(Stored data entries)

┌──

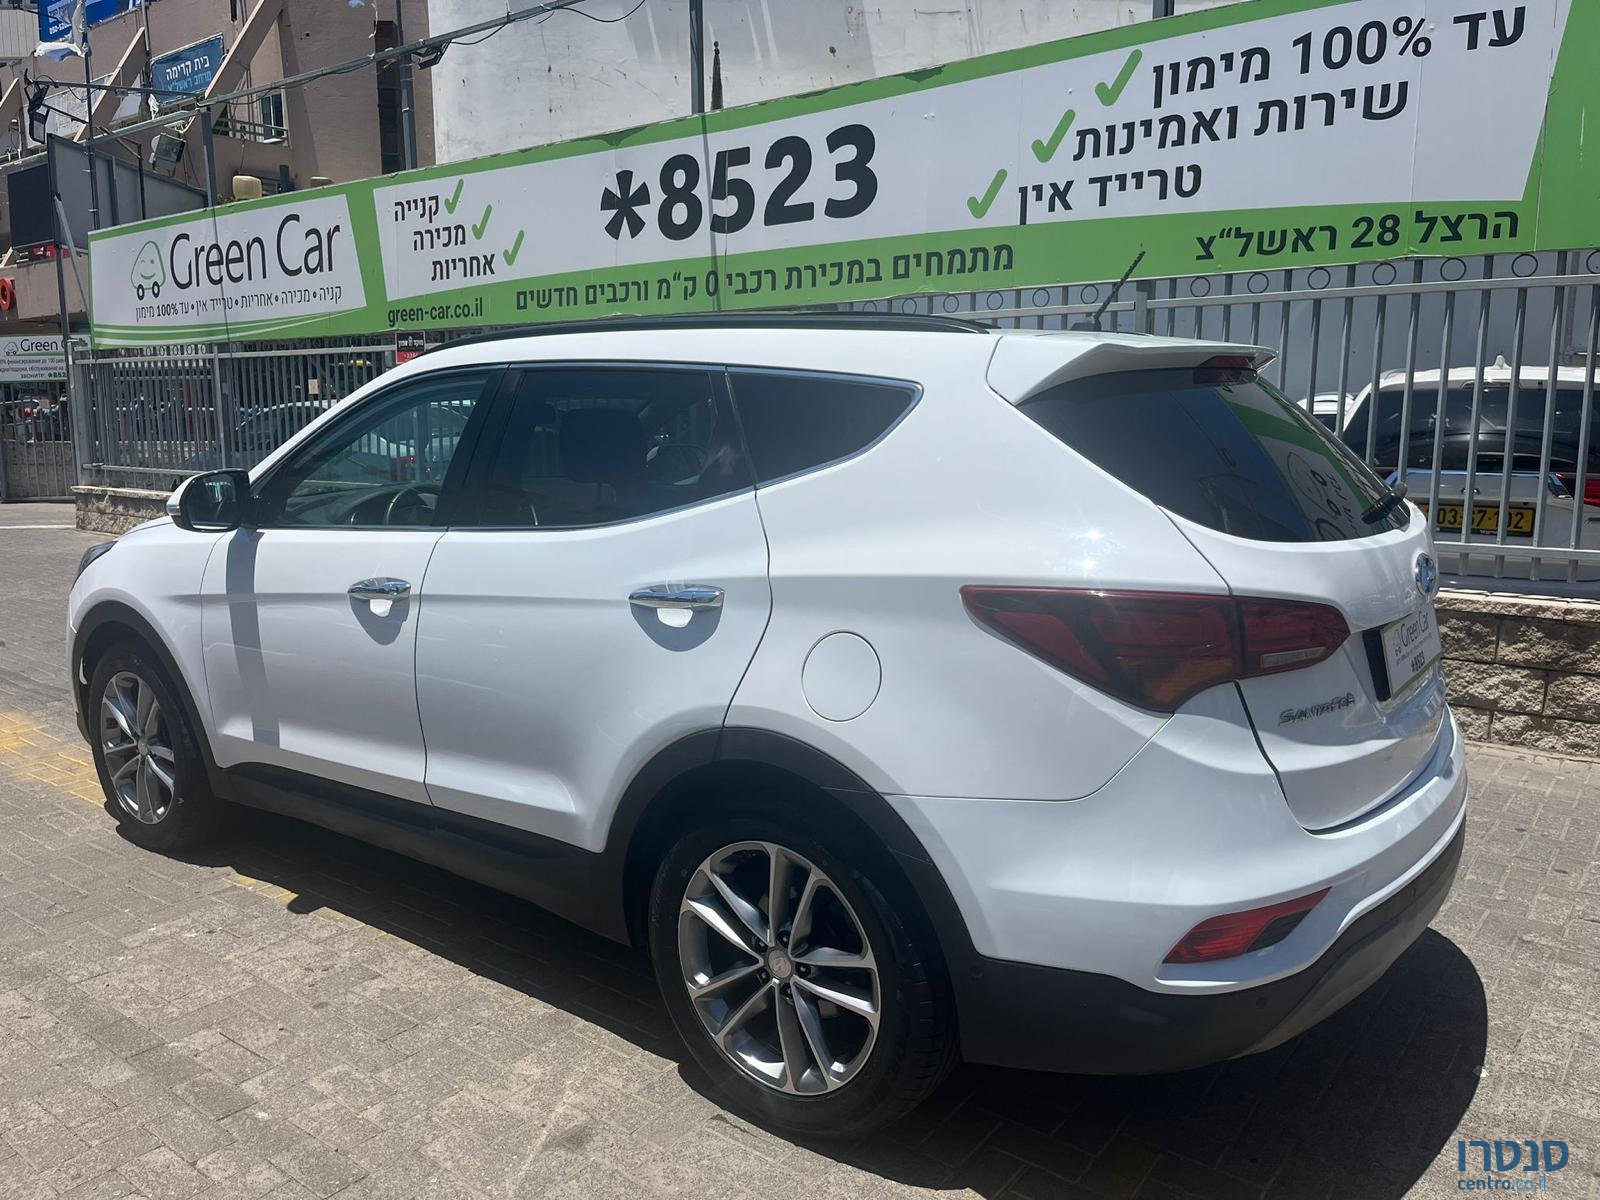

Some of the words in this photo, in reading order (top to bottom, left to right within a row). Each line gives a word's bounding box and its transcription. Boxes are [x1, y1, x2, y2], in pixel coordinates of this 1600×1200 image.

[1452, 6, 1527, 51] עד
[1293, 15, 1432, 75] 100%
[166, 61, 192, 81] קדימה
[194, 56, 210, 71] בית
[1152, 45, 1271, 109] מימון
[1253, 80, 1410, 137] שירות
[1072, 104, 1239, 162] ואמינות
[1088, 163, 1202, 207] טרייד
[393, 194, 440, 224] קנייה
[1018, 179, 1075, 226] אין
[413, 223, 467, 251] מכירה
[1350, 214, 1401, 249] 28
[1414, 210, 1519, 244] הרצל
[170, 232, 268, 290] Green
[276, 213, 341, 277] Car
[892, 243, 1014, 281] מתמחים
[431, 253, 496, 281] אחריות
[784, 257, 883, 291] במכירת
[281, 288, 311, 305] מכירה
[319, 285, 342, 304] קניה
[585, 279, 649, 305] ורכבים
[657, 271, 697, 301] ק"מ
[705, 269, 720, 297] 0
[726, 269, 777, 295] רכבי
[157, 303, 179, 317] 100%
[210, 296, 234, 311] טרייד
[241, 292, 274, 309] אחריות
[388, 296, 483, 328] green-car.co.il
[516, 286, 578, 311] חדשים
[135, 305, 155, 323] מימון
[20, 338, 59, 352] Green
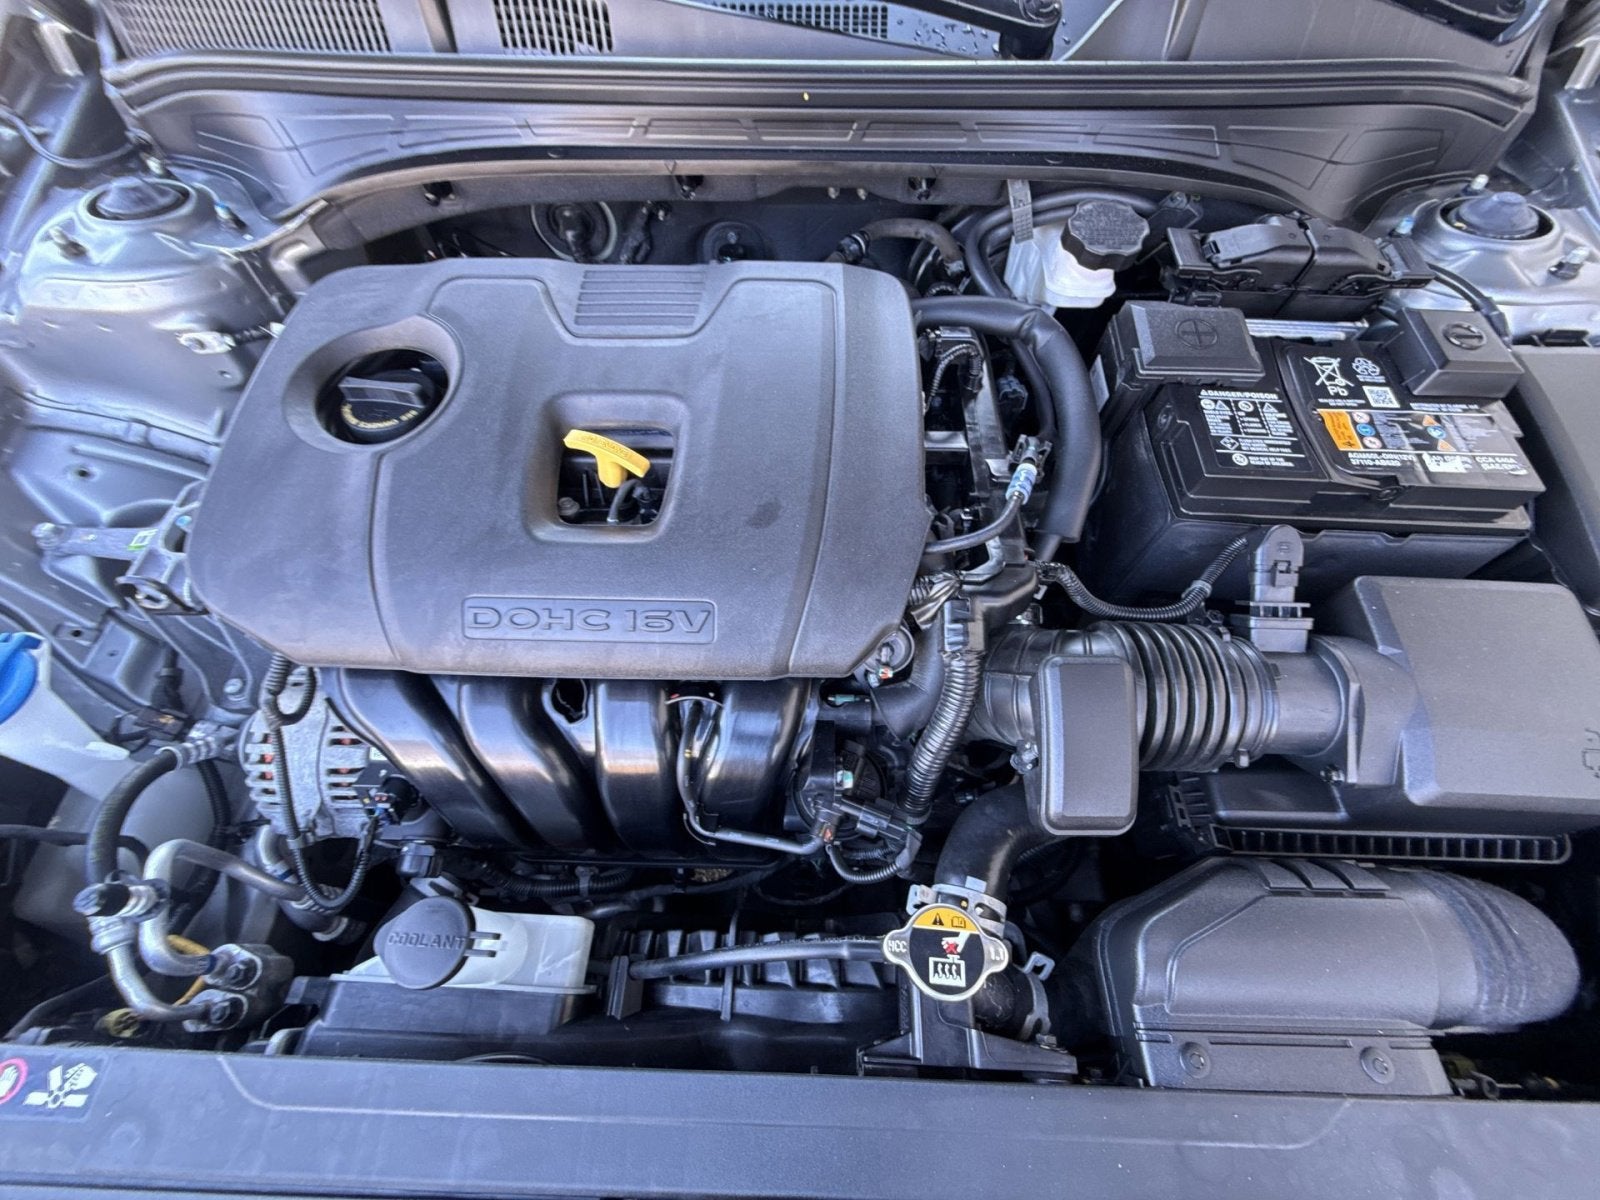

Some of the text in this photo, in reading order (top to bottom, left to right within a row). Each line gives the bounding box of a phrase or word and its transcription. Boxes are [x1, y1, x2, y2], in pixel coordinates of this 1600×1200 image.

[1327, 386, 1349, 397] Pb
[466, 606, 712, 634] DOHC 16V
[387, 932, 468, 950] COOLANT
[888, 940, 908, 954] HCC
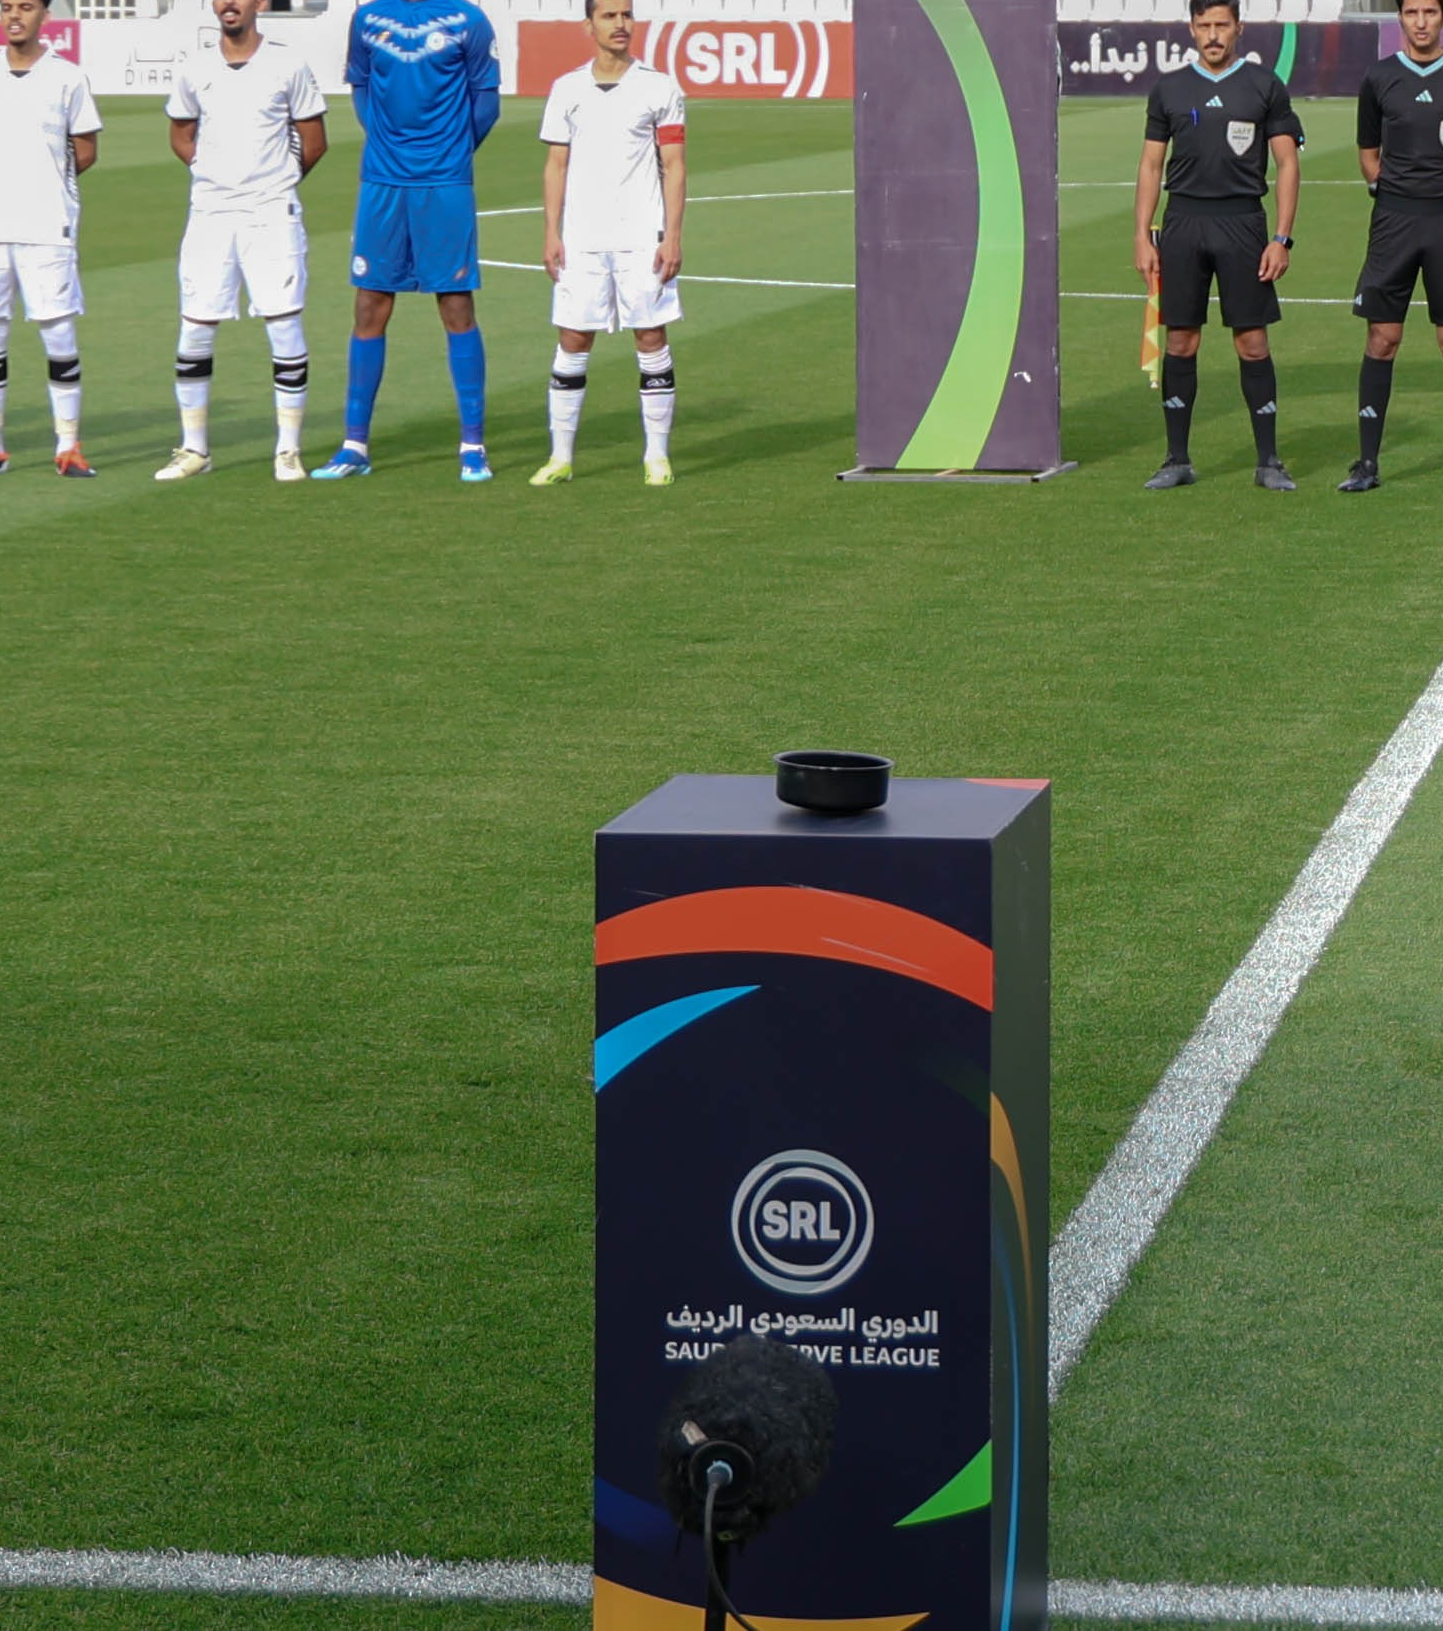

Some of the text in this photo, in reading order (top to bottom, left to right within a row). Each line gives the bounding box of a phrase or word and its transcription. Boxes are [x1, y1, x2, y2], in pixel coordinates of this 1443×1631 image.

[684, 31, 788, 85] SRL
[761, 1200, 841, 1240] SRL
[666, 1304, 939, 1343] الدوري السعودي الرديف
[850, 1345, 941, 1367] LEAGUE

└──

__Required action__. Repeat the entries above exactly and skip the images.

__Written answer__.
Some of the words in this photo, in reading order (top to bottom, left to right within a row). Each line gives a word's bounding box and its transcription. Boxes are [x1, y1, x2, y2], in pixel coordinates of this 1600×1200 image.

[1452, 6, 1527, 51] עד
[1293, 15, 1432, 75] 100%
[166, 61, 192, 81] קדימה
[194, 56, 210, 71] בית
[1152, 45, 1271, 109] מימון
[1253, 80, 1410, 137] שירות
[1072, 104, 1239, 162] ואמינות
[1088, 163, 1202, 207] טרייד
[393, 194, 440, 224] קנייה
[1018, 179, 1075, 226] אין
[413, 223, 467, 251] מכירה
[1350, 214, 1401, 249] 28
[1414, 210, 1519, 244] הרצל
[170, 232, 268, 290] Green
[276, 213, 341, 277] Car
[892, 243, 1014, 281] מתמחים
[431, 253, 496, 281] אחריות
[784, 257, 883, 291] במכירת
[281, 288, 311, 305] מכירה
[319, 285, 342, 304] קניה
[585, 279, 649, 305] ורכבים
[657, 271, 697, 301] ק"מ
[705, 269, 720, 297] 0
[726, 269, 777, 295] רכבי
[157, 303, 179, 317] 100%
[210, 296, 234, 311] טרייד
[241, 292, 274, 309] אחריות
[388, 296, 483, 328] green-car.co.il
[516, 286, 578, 311] חדשים
[135, 305, 155, 323] מימון
[20, 338, 59, 352] Green

Some of the text in this photo, in reading order (top to bottom, left to right within a row). Each line gives the bounding box of a phrase or word and its transcription. Boxes are [x1, y1, x2, y2], in pixel coordinates of this 1600×1200 image.

[1327, 386, 1349, 397] Pb
[466, 606, 712, 634] DOHC 16V
[387, 932, 468, 950] COOLANT
[888, 940, 908, 954] HCC

Some of the text in this photo, in reading order (top to bottom, left to right within a row). Each line gives the bounding box of a phrase or word and its transcription. Boxes are [x1, y1, x2, y2], in pixel coordinates of this 1443×1631 image.

[684, 31, 788, 85] SRL
[761, 1200, 841, 1240] SRL
[666, 1304, 939, 1343] الدوري السعودي الرديف
[850, 1345, 941, 1367] LEAGUE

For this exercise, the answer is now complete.